Postby BillyBoyo » Tue Aug 27, 2013 1:52 am

By output parameters I meant that the copy member is the same name that is declared in the linkage section to be returned to the calling program.


Firstly "returned to the calling program" is wrong. With one caveat (RETURNING, which you may never use), nothing is ever "returned" to the CALLing COBOL program in the sense that the phrase would have in another (non-Mainframe) language.

PROGA.

CALL PROGB USING DATA-A DATA-B


DATA-A and DATA-B are defined in the CALLing program in the DATA DIVSION. To keep things simple, we'll assume PROGA is not CALLed by another program and that DATA-A and DATA-B are defined in the WORKING-STORAGE.
01  DATA-A PIC X.
01  DATA-B
    05  DATA-B1 PIC XX.
    05  DATA-B2 PIC X.


PROGB.

LINKAGE SECTION,
01  BANANA PIC 99.
01  APPLE PIC 9.
PROCEDURE DIVISION USING APPLE BANANA.


BANANA is a "redefinition" of the storage in PROGA named DATA-A.

APPLE is a "redefinition" of the storage in PROGA named DATA-B.

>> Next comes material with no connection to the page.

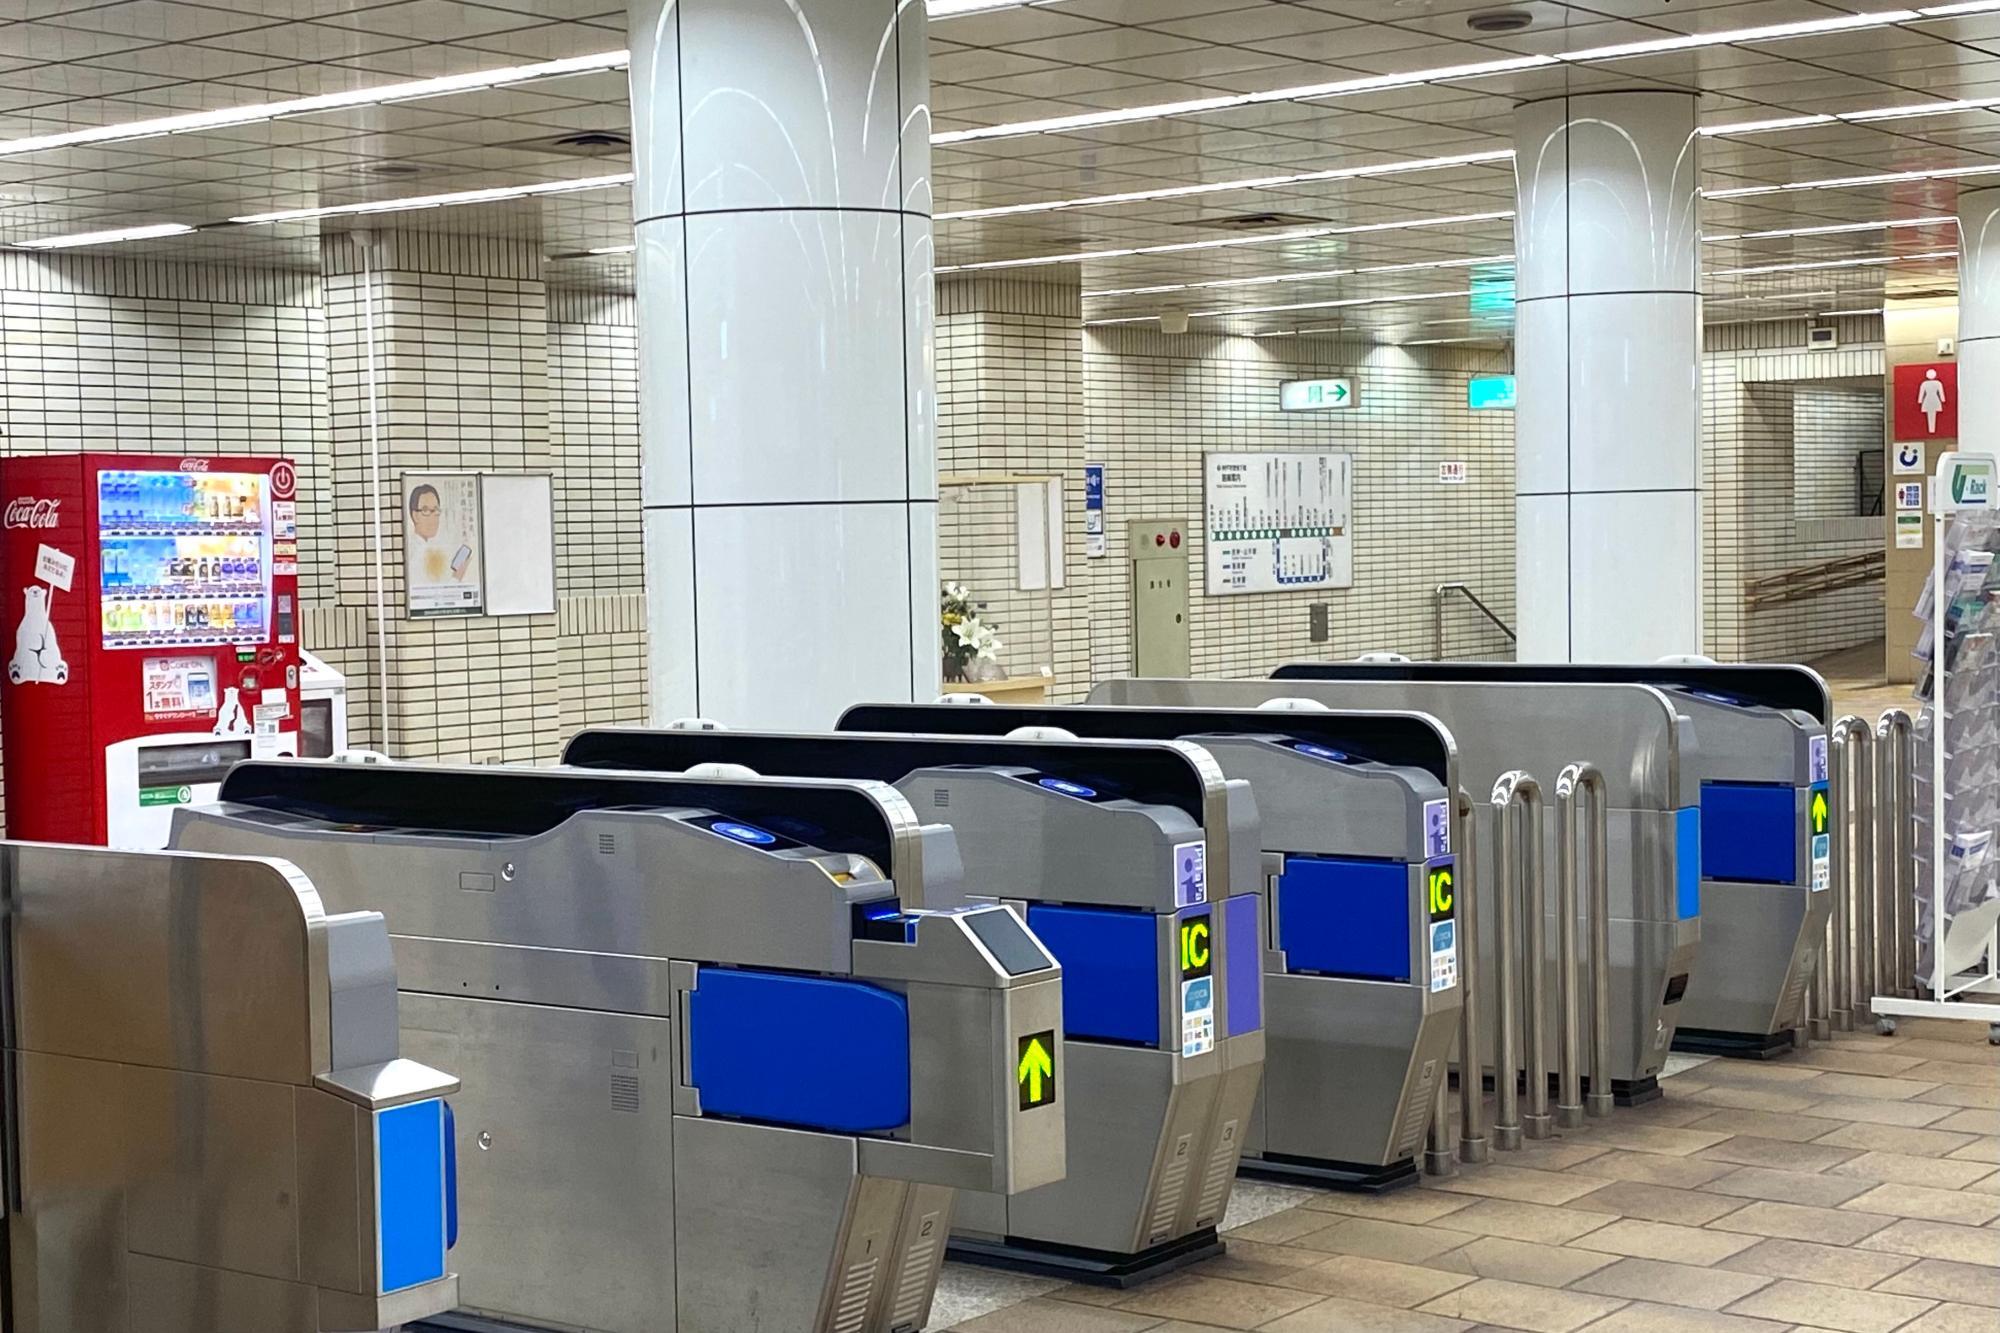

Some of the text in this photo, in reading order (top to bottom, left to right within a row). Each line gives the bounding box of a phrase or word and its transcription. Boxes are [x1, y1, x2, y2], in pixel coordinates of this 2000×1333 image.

Data is not "returned" to PROGA, as it never "leaves" PROGRA.

So, secondly, the names of data on a CALL USING/PROCEDURE DIVISION USING do not have to be the same. Add to that that the length of the data do not have to be the same, nor do the types of the data do not have to be the same.

If you knew this, then fine, you probably understand how a CALL works but are unable to describe it accurately.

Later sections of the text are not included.